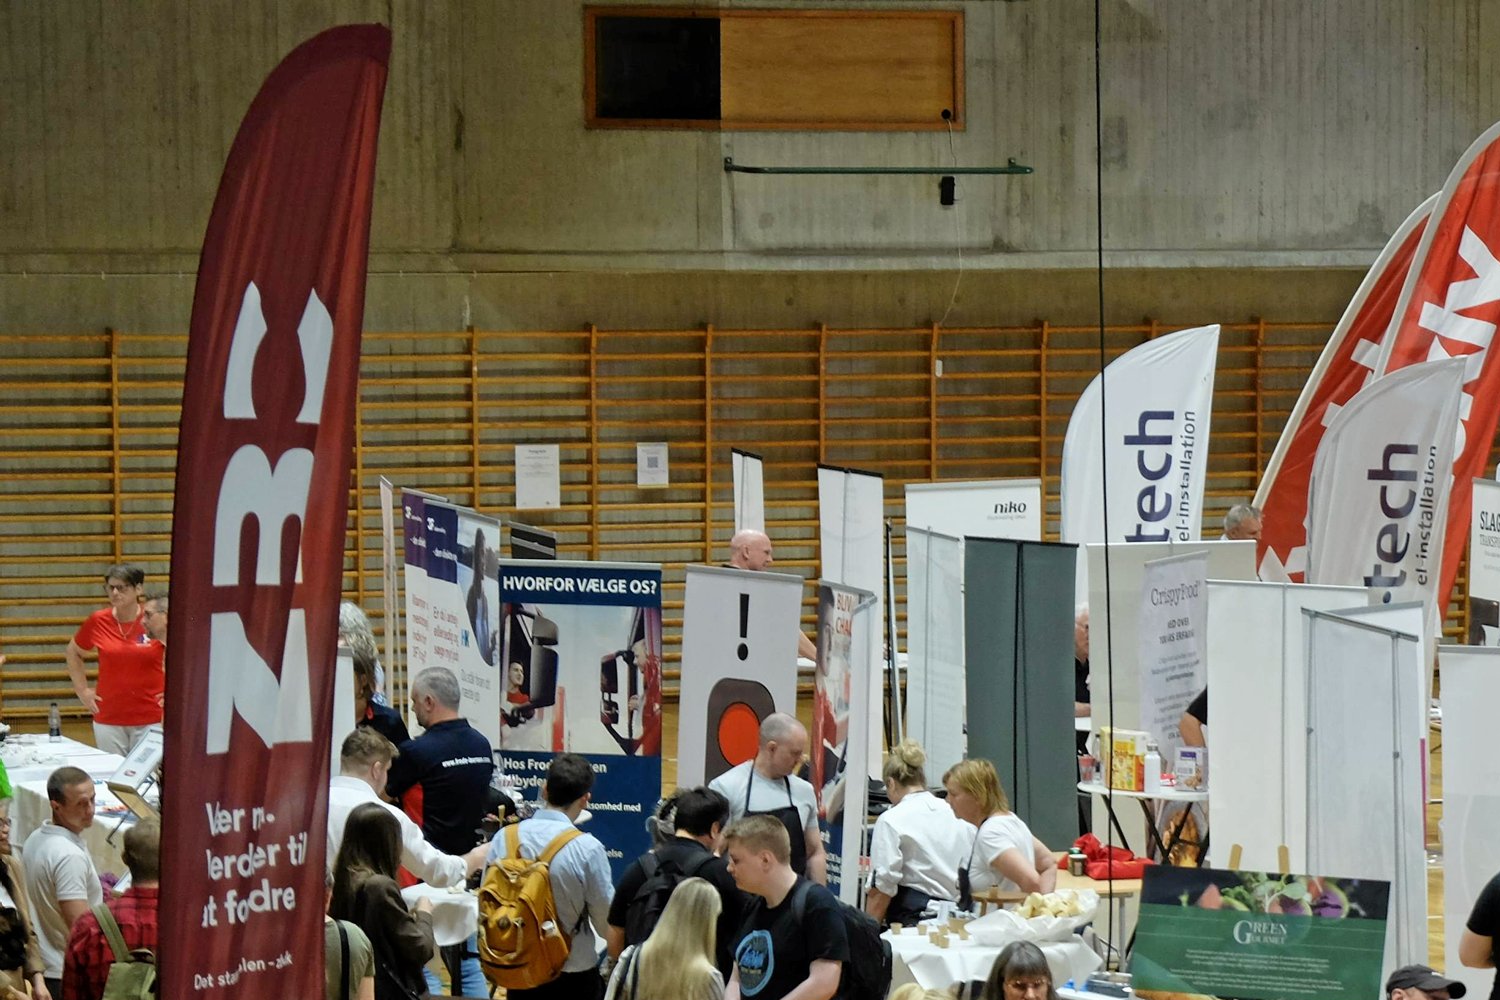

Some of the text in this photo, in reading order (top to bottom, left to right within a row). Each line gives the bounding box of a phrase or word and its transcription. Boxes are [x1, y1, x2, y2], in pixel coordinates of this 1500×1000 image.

[1176, 411, 1195, 541] el-installation
[994, 501, 1027, 514] niko
[1414, 446, 1436, 585] el-installation
[503, 576, 657, 594] HVORFOR VÆLGE OS?
[504, 758, 525, 771] Hos
[586, 801, 642, 812] ksomhed med
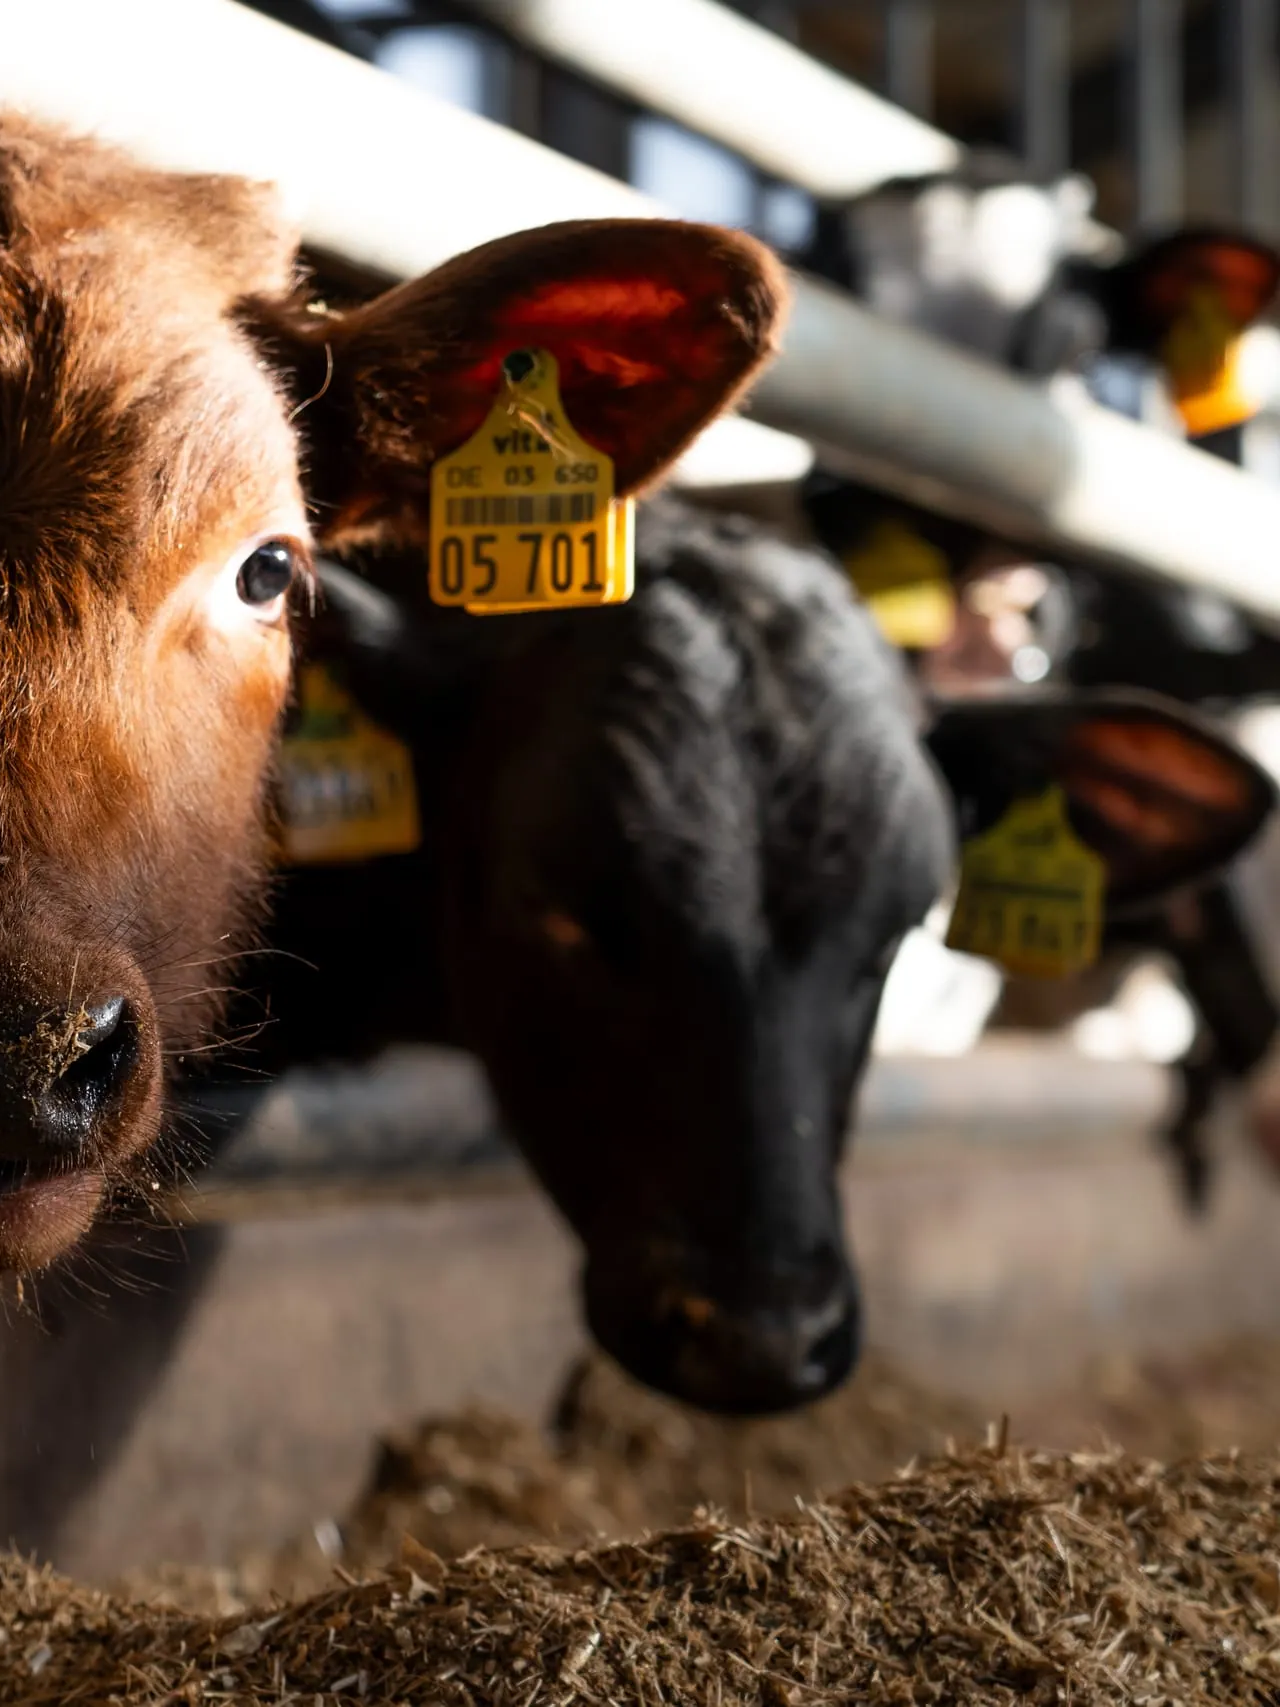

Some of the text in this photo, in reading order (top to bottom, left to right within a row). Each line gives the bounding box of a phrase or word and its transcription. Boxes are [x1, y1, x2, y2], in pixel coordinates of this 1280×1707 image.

[446, 463, 599, 489] DE 03 650
[440, 531, 604, 597] 05 701

* **Your task**
Your answer should hold exactly the lines from the one containing "this 1280×1707 image." to the last line of the data, both included, and no others.

* **Result of this task**
Some of the text in this photo, in reading order (top to bottom, left to right within a row). Each line gives the bounding box of a phrase or word and its transcription. Boxes are [x1, y1, x2, y2], in pixel coordinates of this 1280×1707 image.

[446, 463, 599, 489] DE 03 650
[440, 531, 604, 597] 05 701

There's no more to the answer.